Sunday, January 31, 2010


“Black boy,” an autobiography by Richard Wright, is a blunt exposition to the Jim Crow South. The book starts when Wright burns down his family’s house and has to move down south. Adversity follows when Wright’s father abandons the family to be with another woman. Wright and his mother and brother try to survive in poverty. When his mother gets a paralyzing stroke, the family moves to Jackson to live with grandparents. Wright’s new goal is not only to survive but also to leave the south. Because he hated the religious indoctrination and racism he gets enough money to leave the south and to move to Illinois. Wright does not hesitate to show the inequity and racism of the Jim Crow South. His story shows the brutal unspoken apartheid that was not fully resolved till the 1960’s.  

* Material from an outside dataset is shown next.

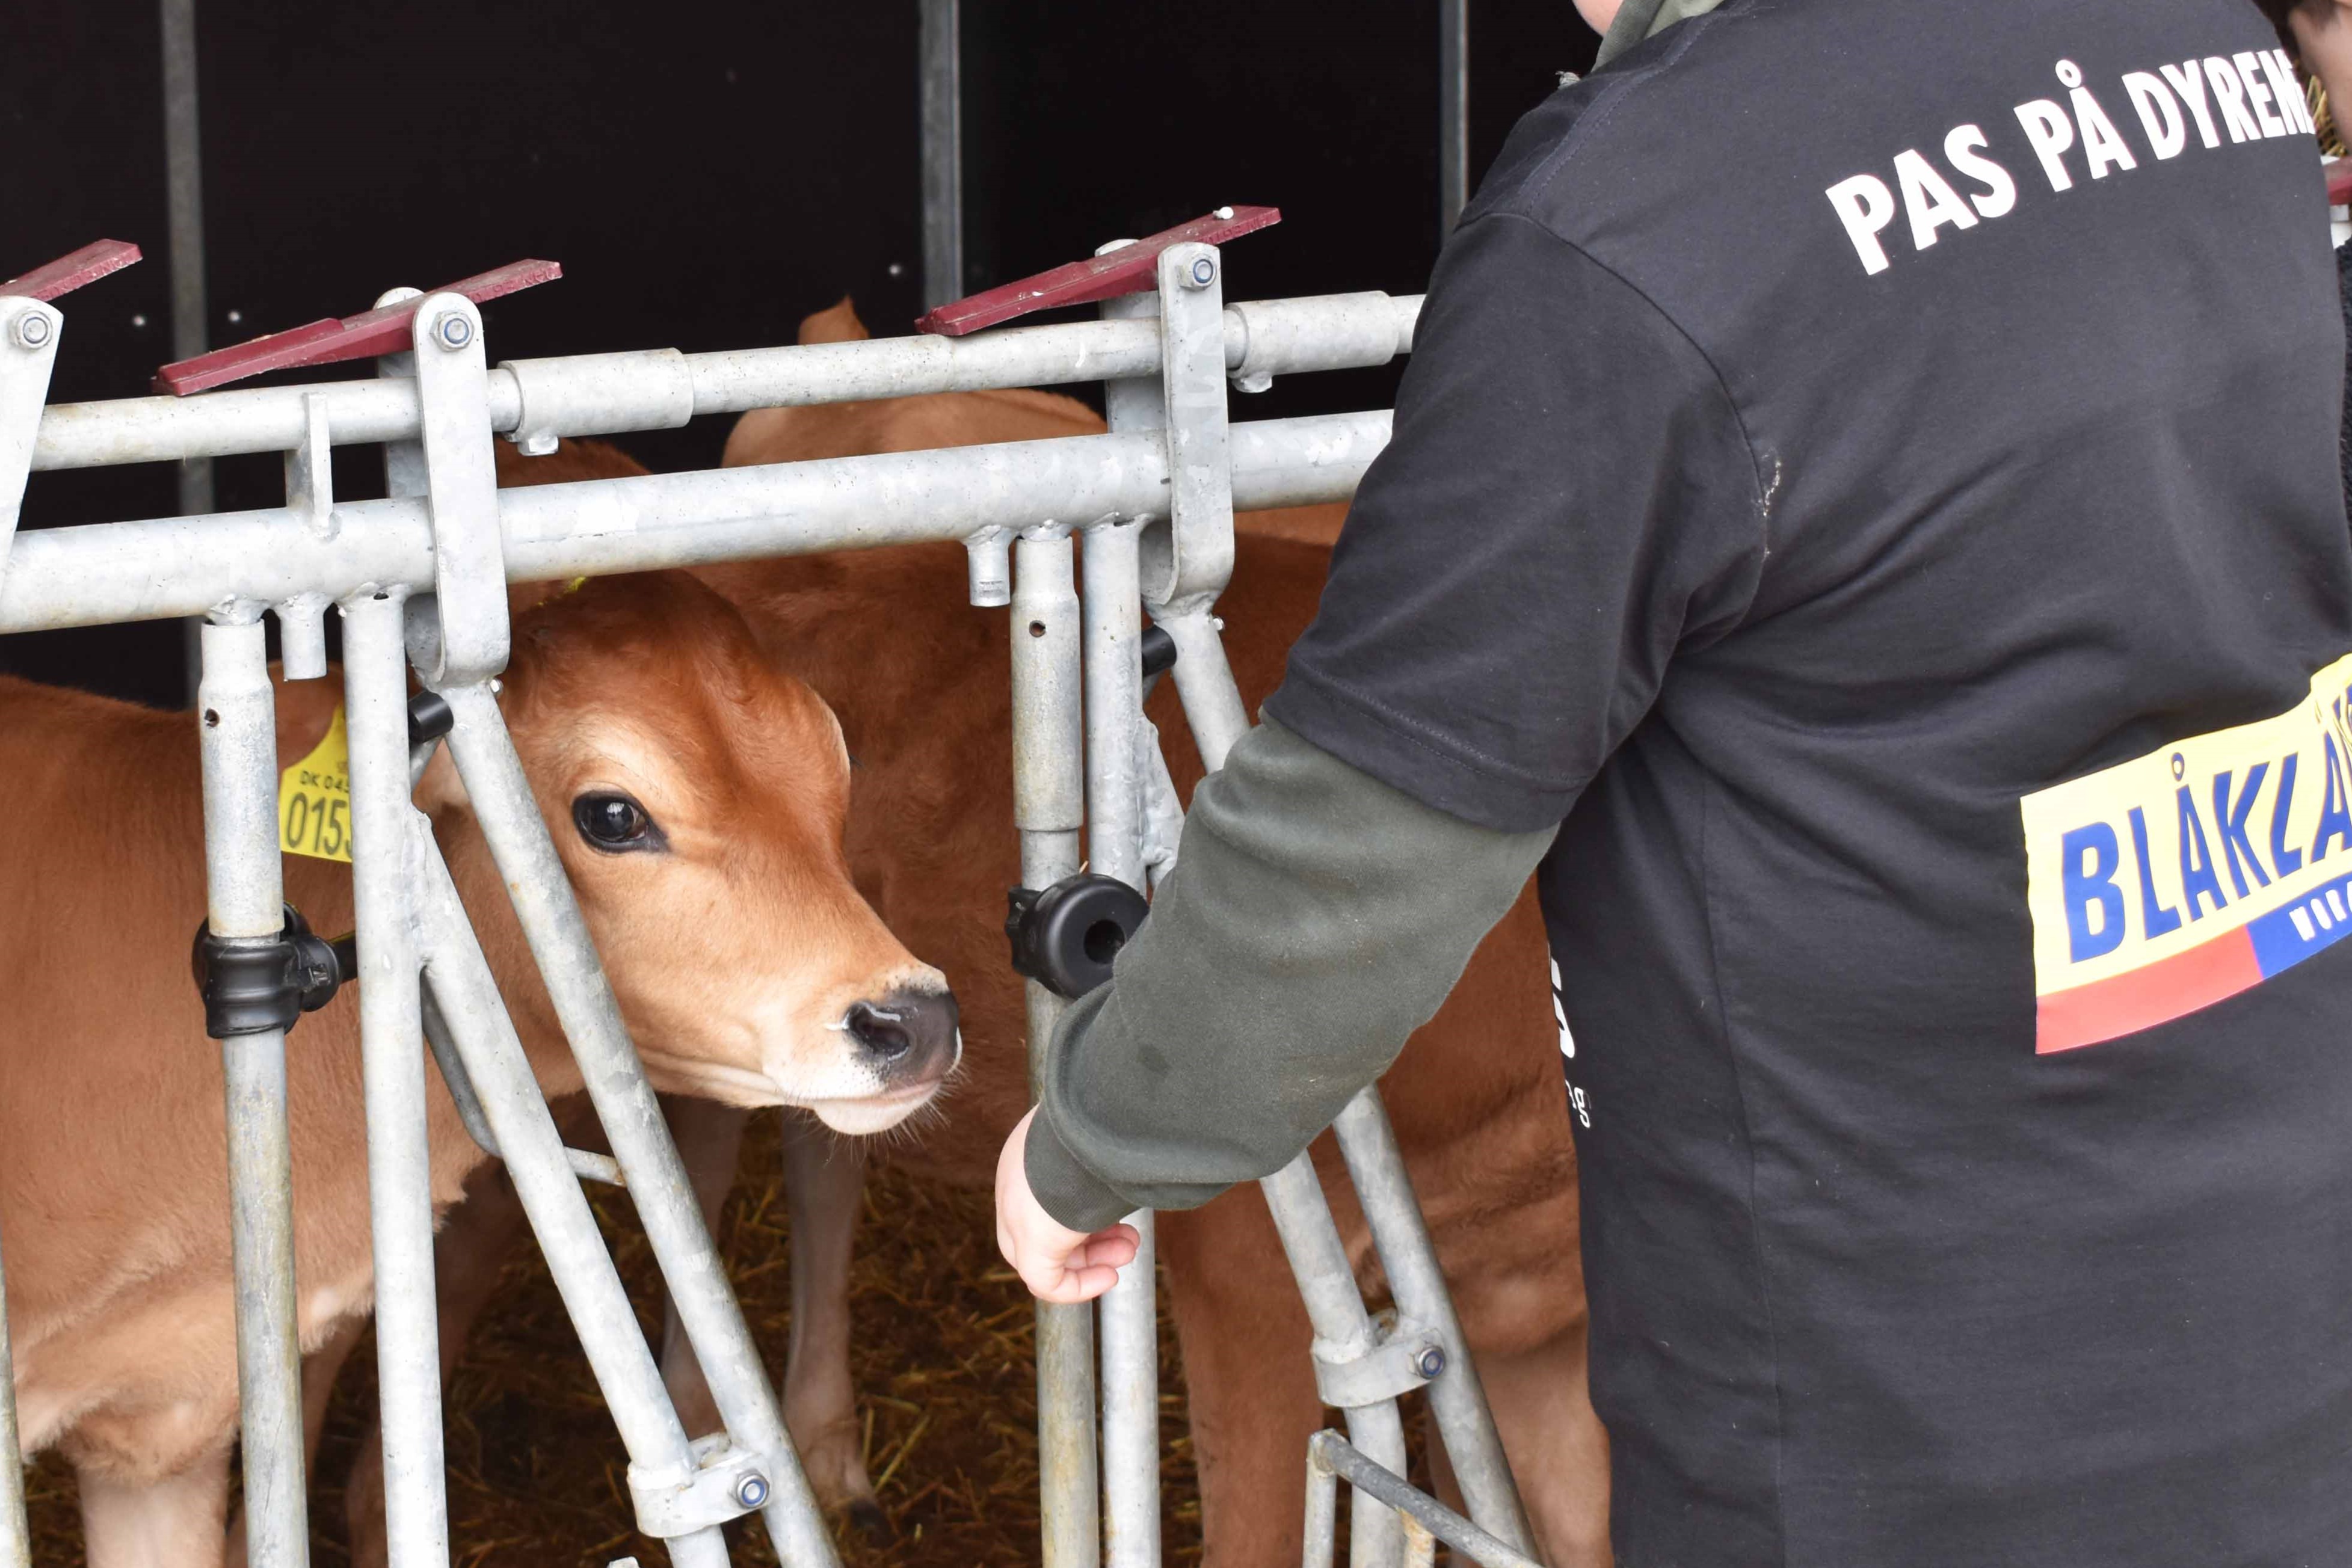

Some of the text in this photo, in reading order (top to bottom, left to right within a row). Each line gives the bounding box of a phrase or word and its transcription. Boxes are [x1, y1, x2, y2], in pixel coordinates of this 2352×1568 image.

[1824, 124, 2016, 276] PAS
[2013, 59, 2137, 192] PÅ
[300, 770, 319, 787] DK
[286, 792, 352, 859] 015

Wednesday, January 20, 2010

out side reading trailer


Outside Reading Trailer

Coming this summer to a theater near you. From the studio that brought you Native Son, The Outsider, and The Long Dream.

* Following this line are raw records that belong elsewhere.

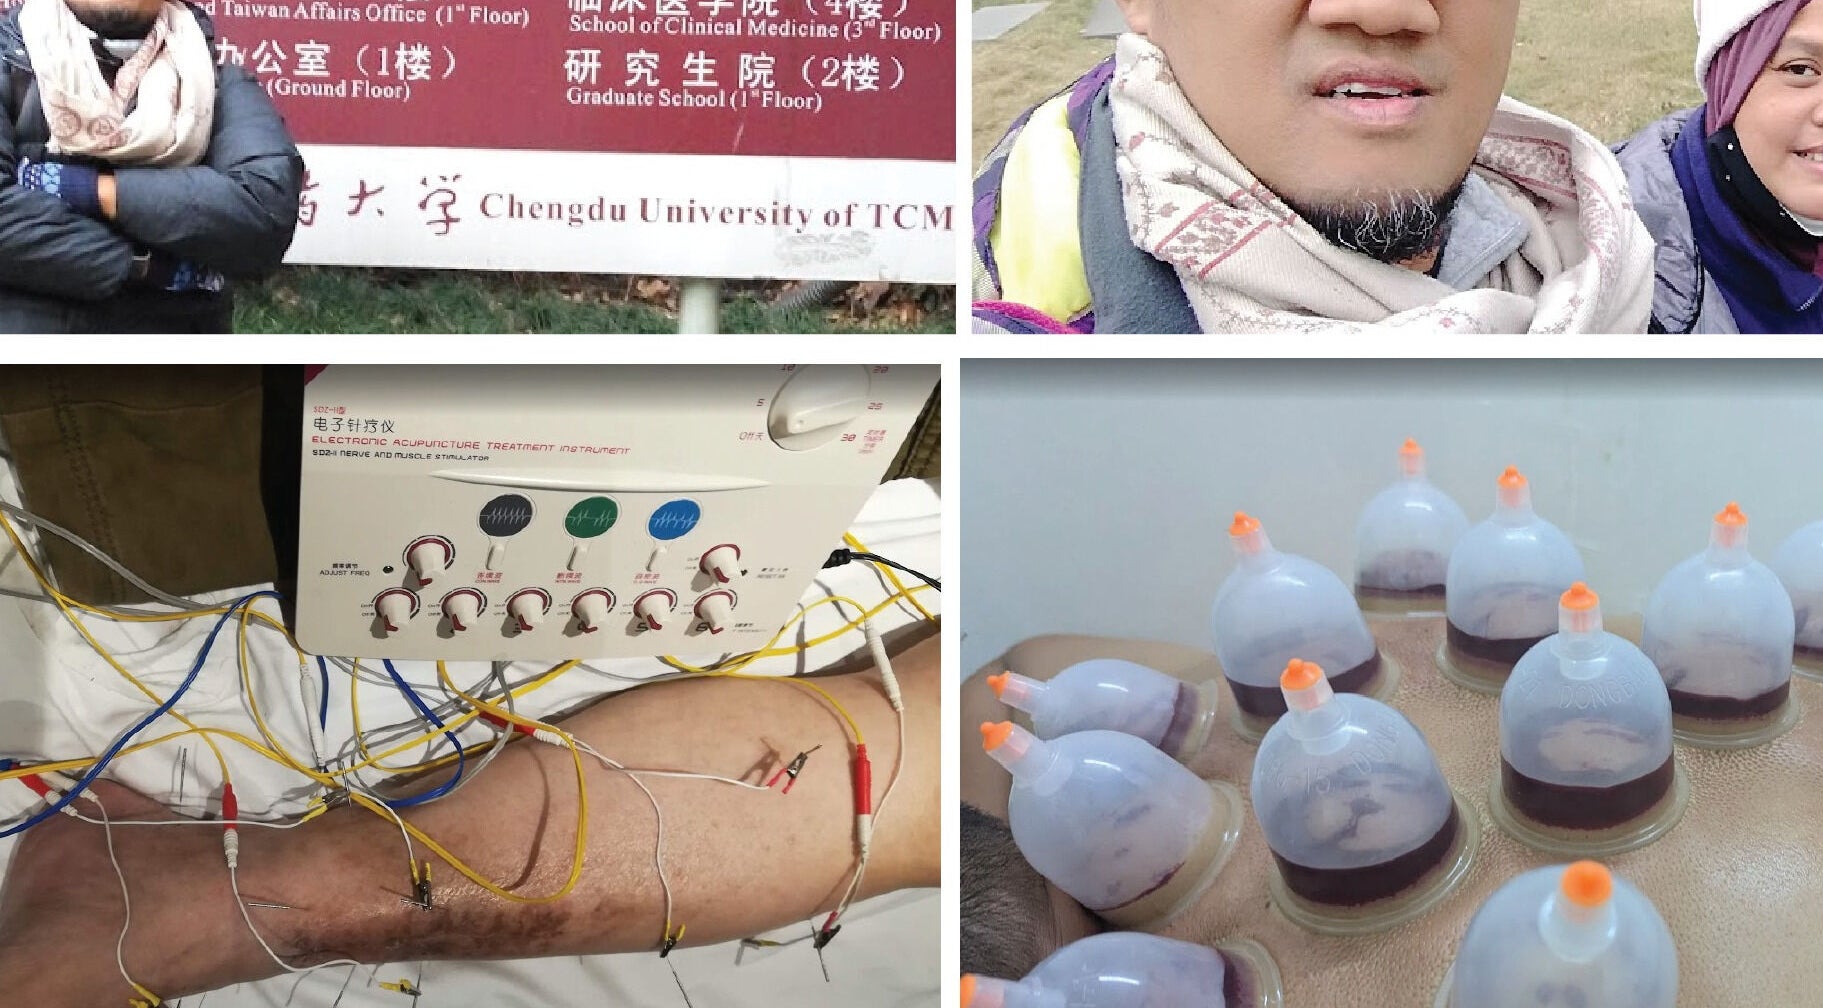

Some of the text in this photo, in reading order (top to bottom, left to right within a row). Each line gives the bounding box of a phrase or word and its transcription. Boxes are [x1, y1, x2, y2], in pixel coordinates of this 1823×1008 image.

[221, 0, 290, 19] Taiwan
[294, 2, 361, 22] Affairs
[366, 4, 427, 23] Office
[470, 7, 530, 29] Floor)
[570, 14, 635, 33] School
[640, 15, 660, 33] of
[665, 16, 742, 36] Clinical
[748, 18, 838, 38] Medicine
[880, 21, 942, 43] Floor)
[266, 78, 411, 102] (Ground Floor)
[566, 87, 654, 107] Graduate
[658, 89, 726, 108] School
[762, 90, 823, 113] Floor)
[479, 192, 954, 234] Chengdu University of TCM
[313, 416, 396, 434] 电子针疗仪
[312, 435, 631, 455] ELECTRONIC ACUPUNCTURE TREATMENT INSTRUMENT
[340, 450, 371, 458] NERVE
[374, 451, 393, 459] AND
[394, 452, 432, 460] MUSCLE
[435, 453, 490, 461] STIMULATOR

Directed by Steven Spielberg, The New York Times has rated it “ a must see.”

The renowned author Richard Wright's long awaited auto-biography “Black Boy” which has finally been adapted to film.

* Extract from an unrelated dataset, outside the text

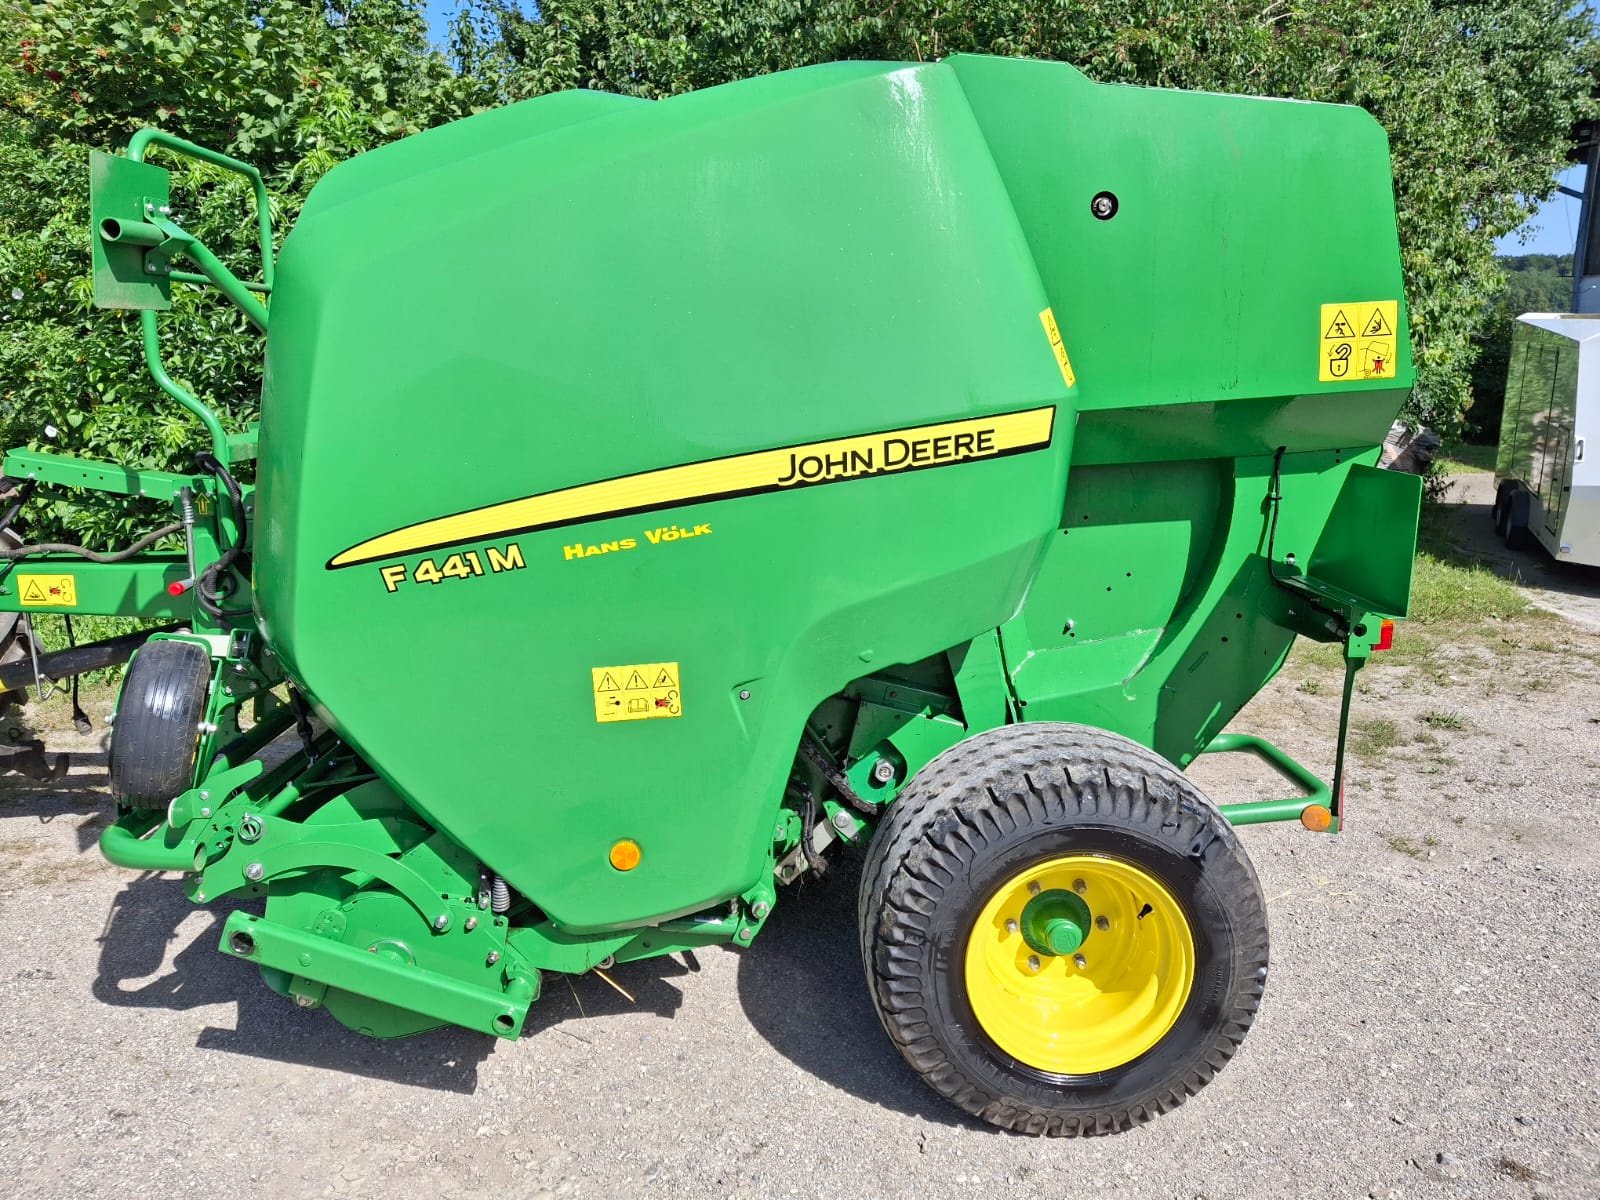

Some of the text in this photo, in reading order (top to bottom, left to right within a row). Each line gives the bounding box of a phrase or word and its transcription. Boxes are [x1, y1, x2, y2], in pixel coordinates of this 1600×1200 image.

[778, 429, 995, 483] JOHN DEERE
[563, 523, 713, 560] HANS VÖLK
[379, 543, 527, 593] F 441 M

“Black Boy,” the story of one black boy and his struggle to survive and escape the racist Jim Crow south. With a childhood of desertion hunger and poverty and an adolescence of religious indoctrination, theft, cruelty and neglect; this is Richard wrights true story of escaping the white man’s world.

Starring

Tyler James Williams, and Chris Rock as Richard Wright,

Forest Whitaker as Nathan Wright his absent farther,

Viola Davis as Ella Wilson Wright the compassionate but crippled mother, and Meryl Streep as Margaret Bolton Wilson the religious grandmother who tries to save her grandson's soul.